There is no fishing or sailing being done on the lake, thanks to almost zero-degree temperatures. Even time seems to be frozen as you come out of the Hauptbahnhof and catch your first glimpse of the Chapel Bridge to your left. It’s a scenario right out of a John Le Carre novel and you half expect to see Smiley or Jonathan Pine leaning against a lamp-post with a well-lit pipe, surveying the possibilities, but all you want right now is the comfort of a warm room.

The Hotel Montana, with an 80-year-old existence on the hillside and a superb view of the lake, is ready to embrace you within its cheerful folds. Run with clockwork efficiency and unexpected friendliness by the charming MrsBroniGubser, the hotel’s 67 rooms and 110 beds are dressed in a classic and refined style. A hearty meal relished in the Panorama restaurant, and you are ready to hit the sack and get your batteries recharged for the following day’s festivities. No ordinary festivities; this is a worldwide celebration to reopen the Chapel Bridge which was burnt down by a devastating fire last year.

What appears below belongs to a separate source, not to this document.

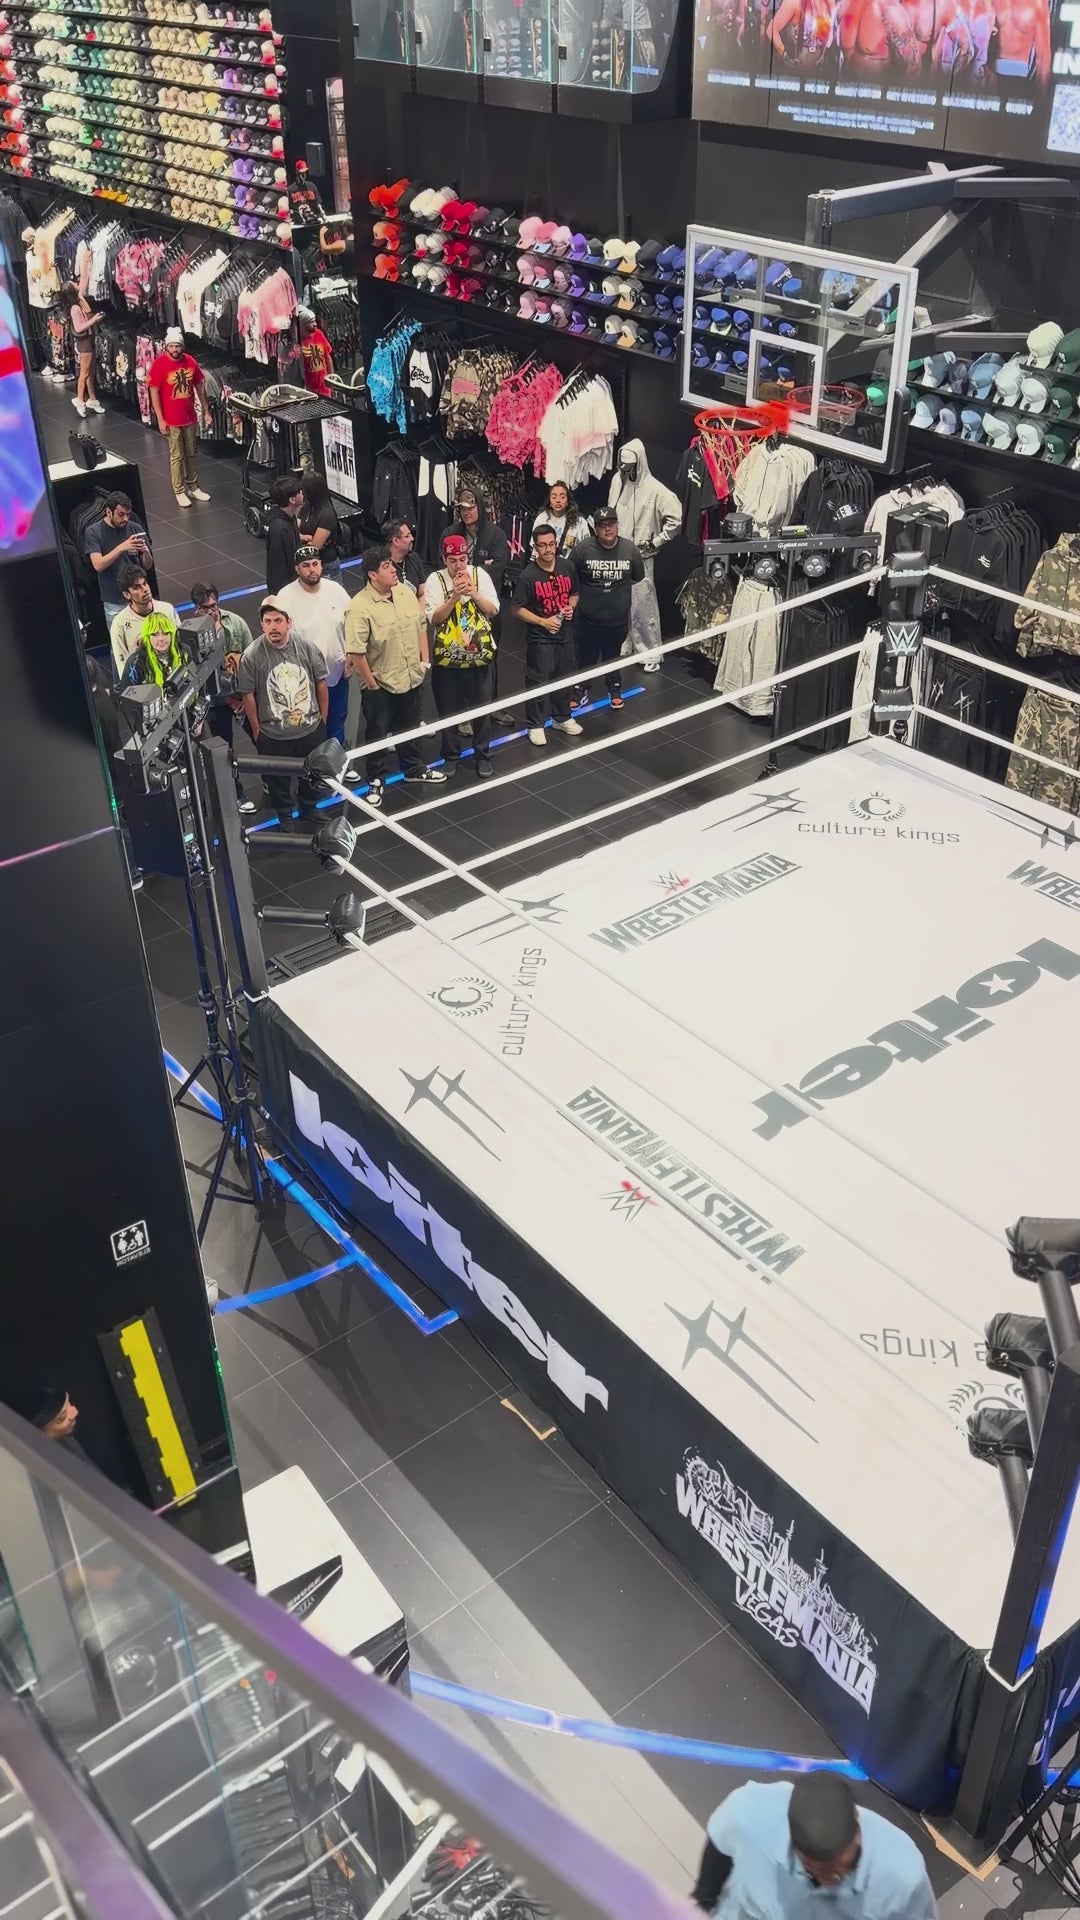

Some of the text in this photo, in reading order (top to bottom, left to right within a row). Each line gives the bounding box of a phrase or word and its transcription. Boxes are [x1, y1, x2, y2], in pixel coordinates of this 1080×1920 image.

To put these festivities into proper perspective it is necessary to delve a bit into Lucerne’s past. Lucerne was a small fishing village in the Middle Ages. Teased and called a ‘little wooden stork’s nest’, it developed into a blooming trade centre over the centuries. The location on the Gotthard transit pathway through the imperious Alps led to fruitful international relations in commerce and culture.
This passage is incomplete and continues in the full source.